[[ Input material open ]]
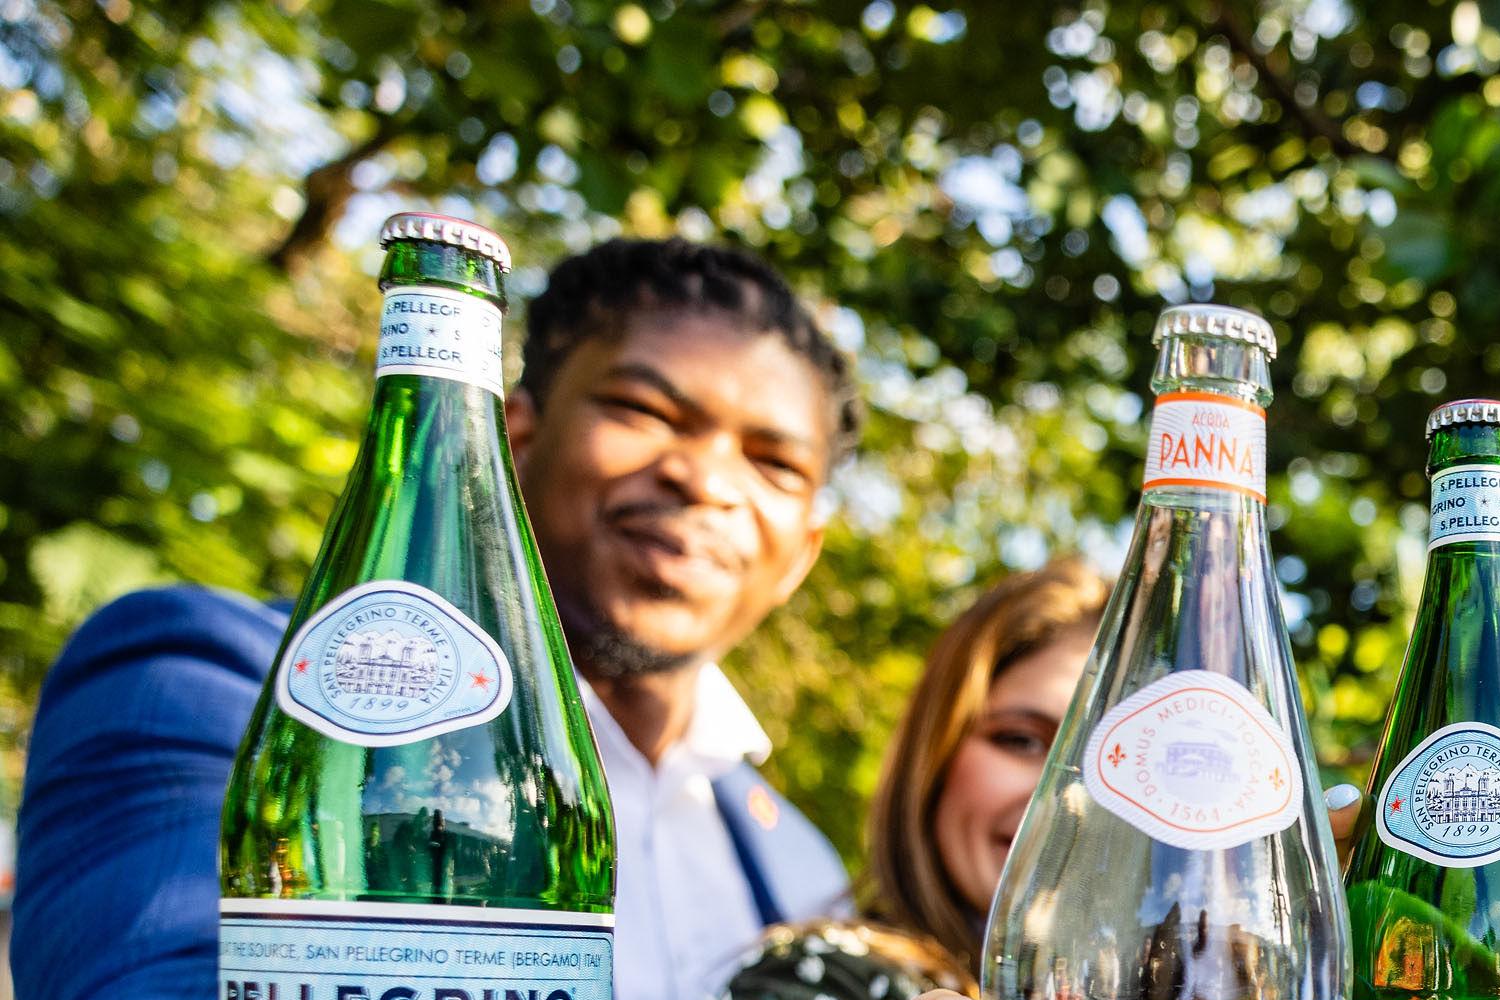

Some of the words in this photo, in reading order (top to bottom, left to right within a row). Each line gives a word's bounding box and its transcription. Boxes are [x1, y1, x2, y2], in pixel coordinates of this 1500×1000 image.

[1191, 410, 1230, 430] ACQUA
[1159, 432, 1255, 479] PANNA
[324, 607, 398, 666] PELLEGRINO
[404, 609, 446, 647] TERME
[323, 675, 343, 699] SAN
[420, 667, 454, 705] ITALIA
[349, 696, 410, 712] 1899
[1135, 726, 1157, 797] DOMUS
[1157, 696, 1228, 722] MEDICI
[1414, 745, 1470, 803] PELLEGRINO
[1416, 806, 1434, 831] SAN
[1442, 824, 1491, 838] 1899
[306, 944, 341, 960] SAN
[346, 945, 449, 965] PELLEGRINO
[456, 949, 506, 966] TERME
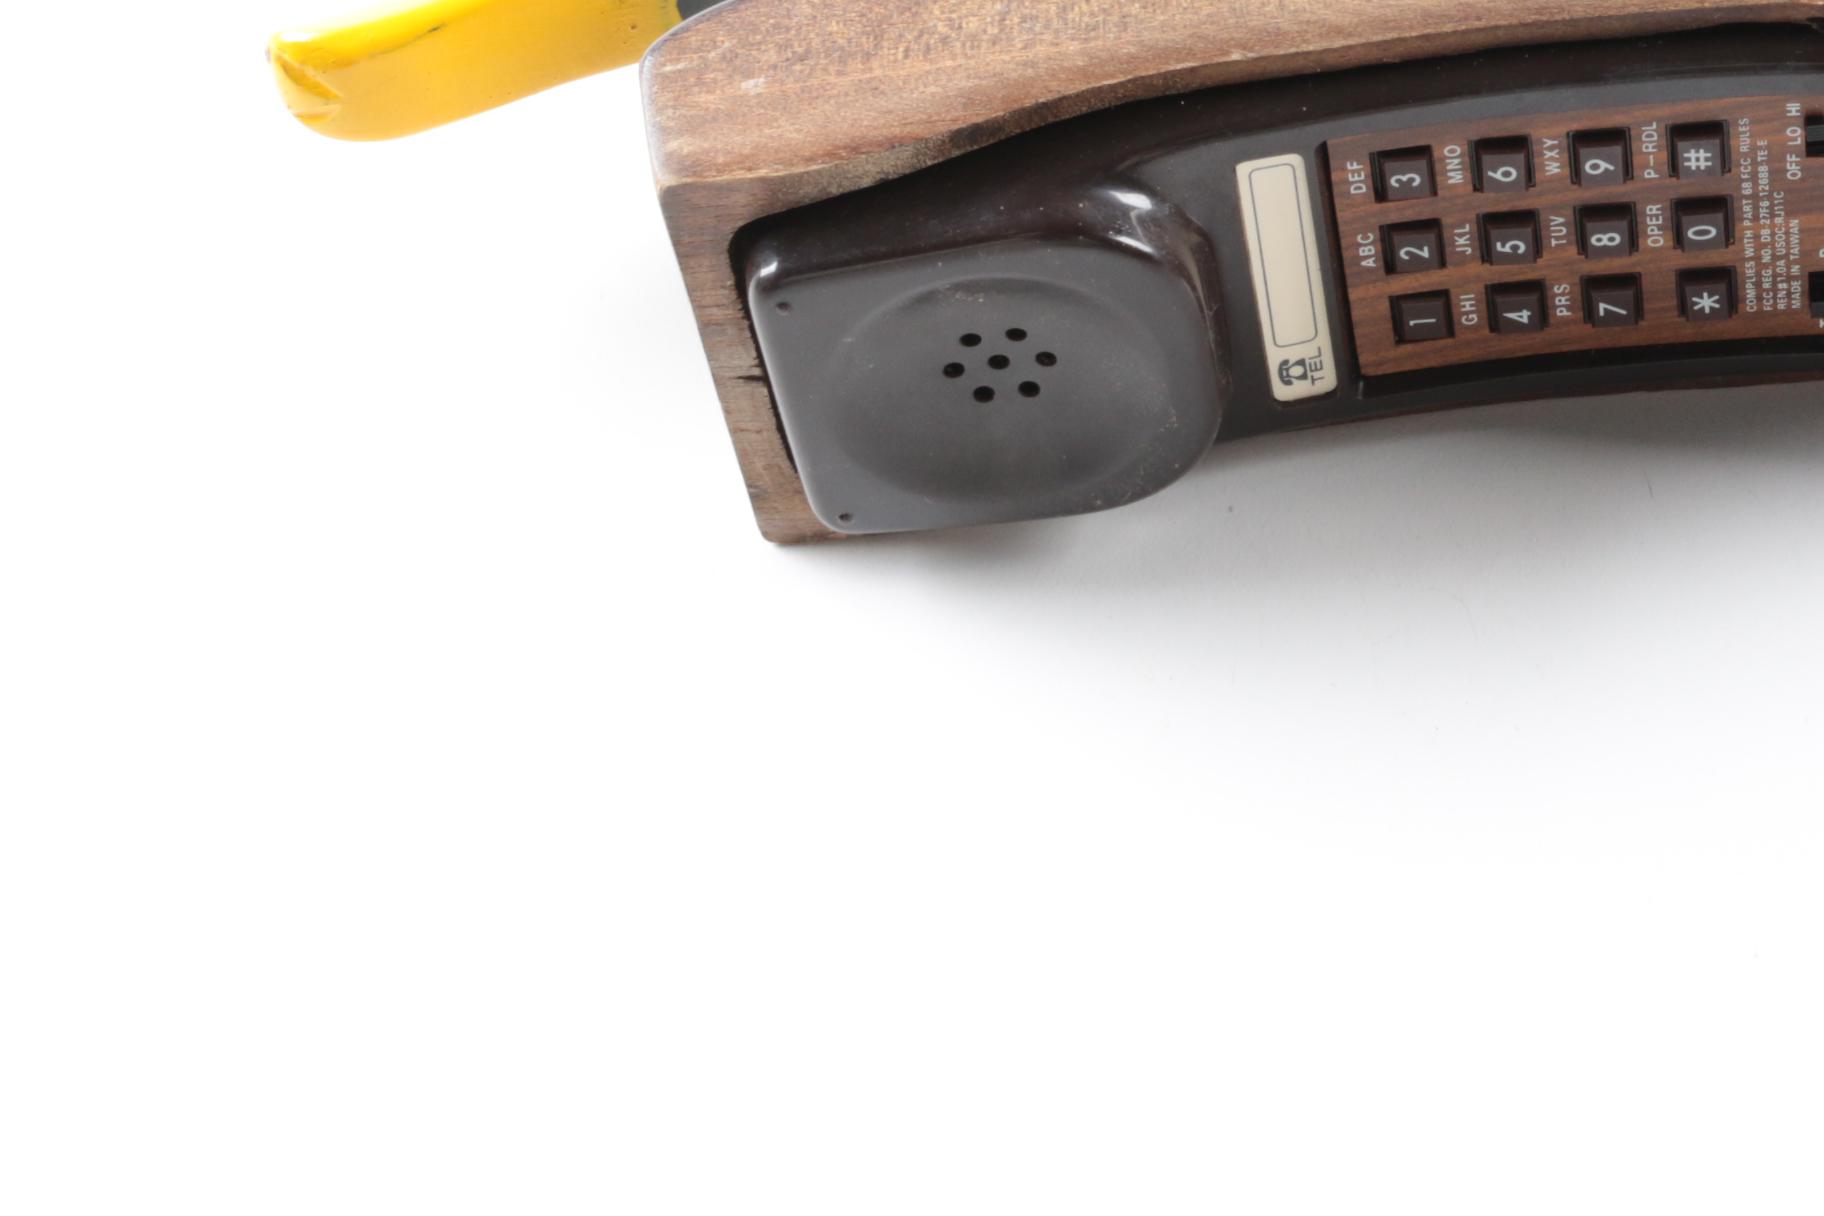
[[ Input material closed ]]
The finished answer is an exact repetition of the listing, with every picture removed.

◆ Task answer:
Some of the words in this photo, in reading order (top to bottom, left to right within a row). Each line gives a word's bounding box and its transcription. Boxes are [x1, y1, x2, y2], in pixel coordinates of this 1500×1000 image.

[1191, 410, 1230, 430] ACQUA
[1159, 432, 1255, 479] PANNA
[324, 607, 398, 666] PELLEGRINO
[404, 609, 446, 647] TERME
[323, 675, 343, 699] SAN
[420, 667, 454, 705] ITALIA
[349, 696, 410, 712] 1899
[1135, 726, 1157, 797] DOMUS
[1157, 696, 1228, 722] MEDICI
[1414, 745, 1470, 803] PELLEGRINO
[1416, 806, 1434, 831] SAN
[1442, 824, 1491, 838] 1899
[306, 944, 341, 960] SAN
[346, 945, 449, 965] PELLEGRINO
[456, 949, 506, 966] TERME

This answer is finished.